I had been thinking about taking a life drawing class one day at the beginning of the year, but thought I was far from ready for that. In spring, I went to a portrait drawing classes again, which I had taken two years ago. I really enjoyed exploring the human face and drawing real people rather than working from photographs. Drawing the hole figure was the logical next step further. I wasn't sure if I was ready for the class yet, and I was thinking about it and arguing with myself all summer. But then, one's never really ready and fully prepared, and just a few days before class started at the end of September, I went for it. And I'm so glad I did. Every Saturday morning we explore a new technique or concept - mass, contour, line, tonal values, chiaroscuro etc. I love the structure of the class, starting with a bit of theory first, followed by putting it into practice, and building up on the past lessons. And as we are a small group of only seven, our teacher has enough time for helping each of us in turn with practical advise and critique. While the models in the portrait class had been volunteers, who did not always sit completely still, the models here are paid professionals, who are able to hold a pose without moving. Drawing them is a very different experience, not easy, but so rewarding. Most of the time, anyway. There's always the one or other drawing that just doesn't work, and is just frustrating, of course. We've had a different model for every class so far, mostly young women - only one man so far. Below are some of the drawings I did in class so far (I'm sorry about the bad quality of the photographs, but the days are getting shorter and greyer). I still got lots to learn...

Last Saturday, we went to the Archaeological Museum at the University, to draw in their cast collection. After having spent a good hour listening to our teacher explaining about different epochs and development of representing the human body in carved stone, we all wandered off to find a cast to draw. I liked the expression of this cast of a Roman copy of a Hellenic original, representing a man sharpening a sickle. I decided to concentrate just on on that, drawing only the head, instead of the whole figure (which was rather complicated, I save that for another day). There were some in my class who weren't happy about drawing dead models instead of life ones, but I must say I quite enjoyed it. It was nice not having to worry about time and instead being able to take as long as you need without having to fear your model changing the pose. I think it's a good exercise to draw such casts from time to time, to really study the features, proportions, expressions, poses etc., to get a feel for the human face and figure, and I'm sure it will be very useful for drawing from life.

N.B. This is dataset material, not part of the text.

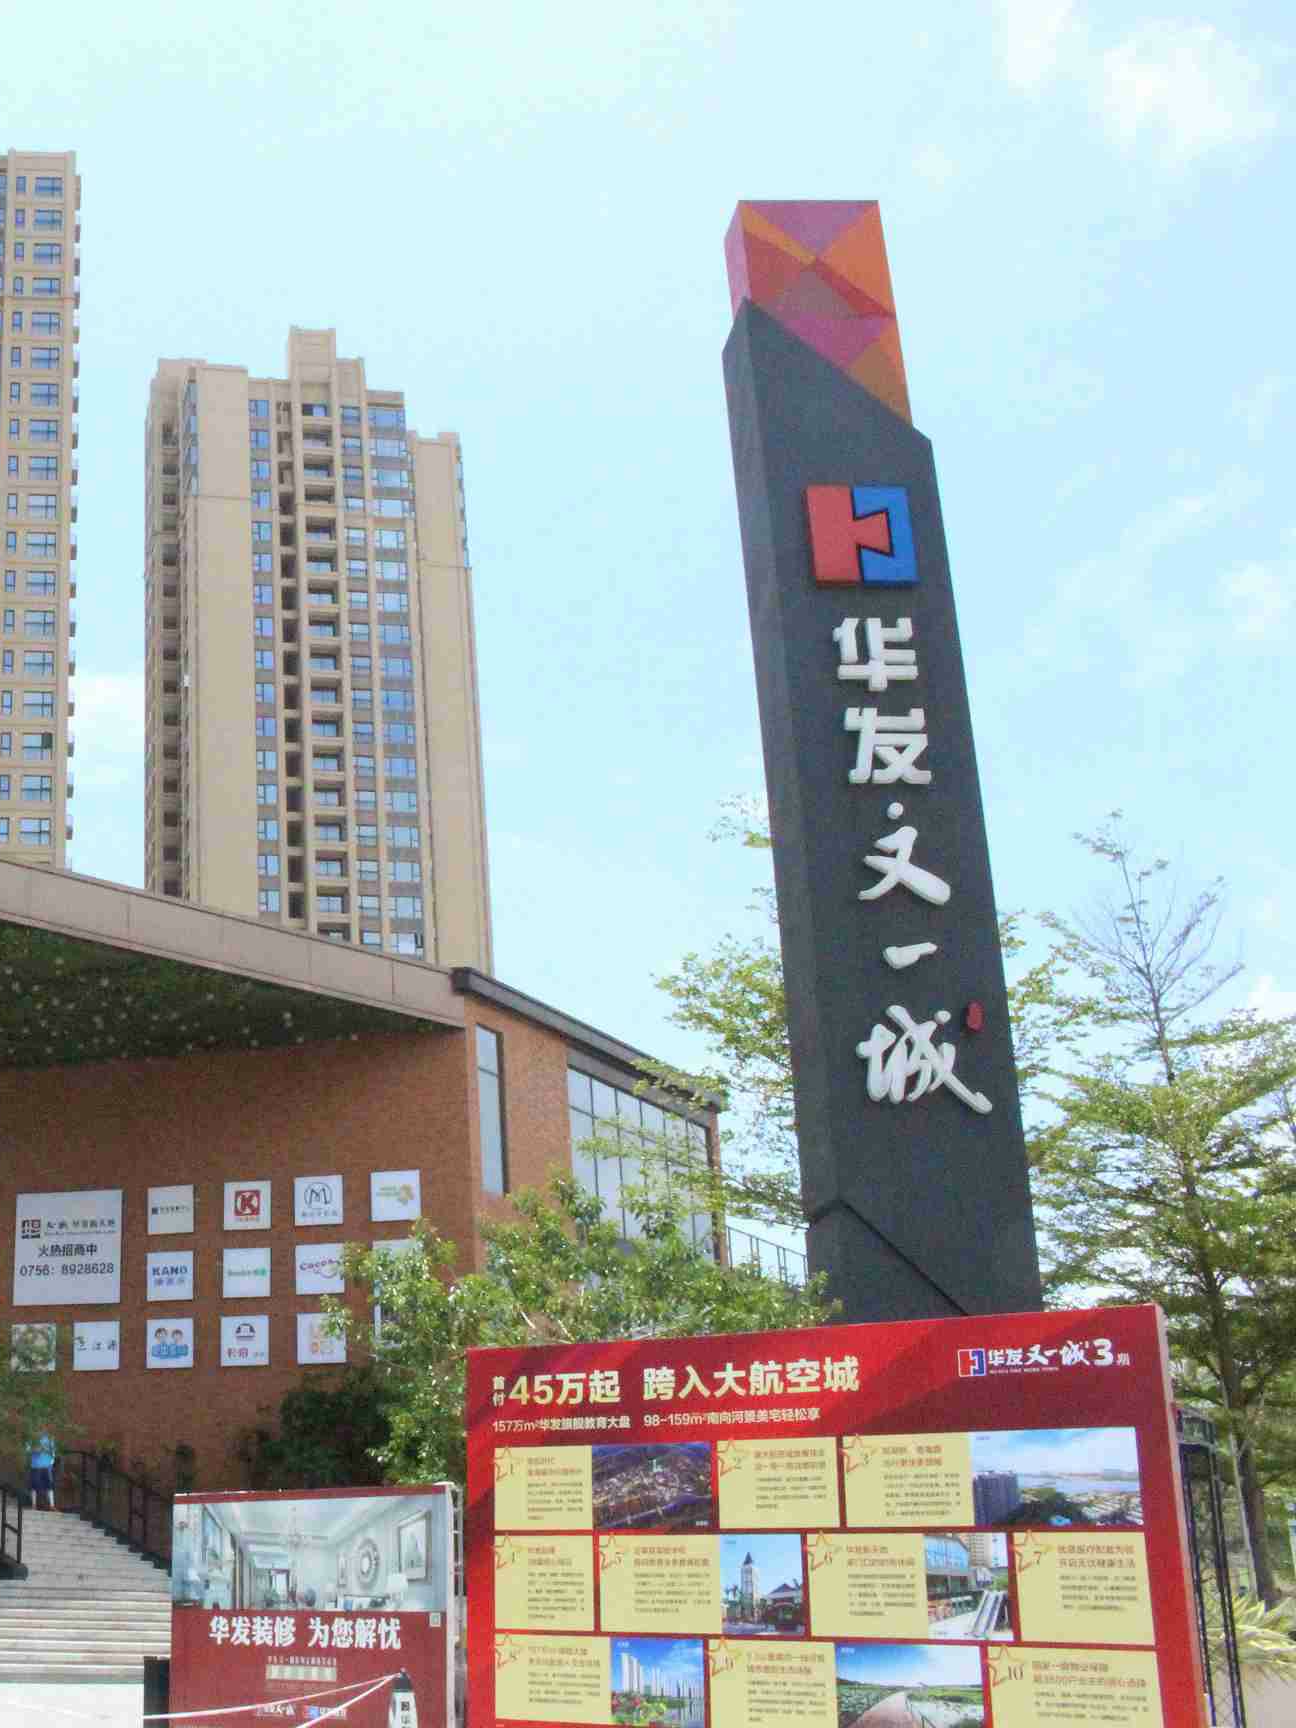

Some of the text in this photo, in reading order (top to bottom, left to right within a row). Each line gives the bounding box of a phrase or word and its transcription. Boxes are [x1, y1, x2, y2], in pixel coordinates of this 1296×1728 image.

[38, 1244, 97, 1258] 火热招商中
[508, 1368, 622, 1406] 45万起
[642, 1355, 861, 1401] 跨入大航空城
[208, 1616, 402, 1650] 华发装修 为您解忧

I have a long way to go still, but I'm so glad I'm taking this course now. And I want to go back to the Archaeological museum too, and there are weekly life drawing sessions (not classes) here in Zürich too, which I yet have to check out. After all, it's practise, practise, practise that makes you improve your skills.

1 comment:

  1. These are terrific! Really fabulous and it would be hard for anyone to tell you are a beginner at figures. And what a great idea to draw from casts. I must do that! :0)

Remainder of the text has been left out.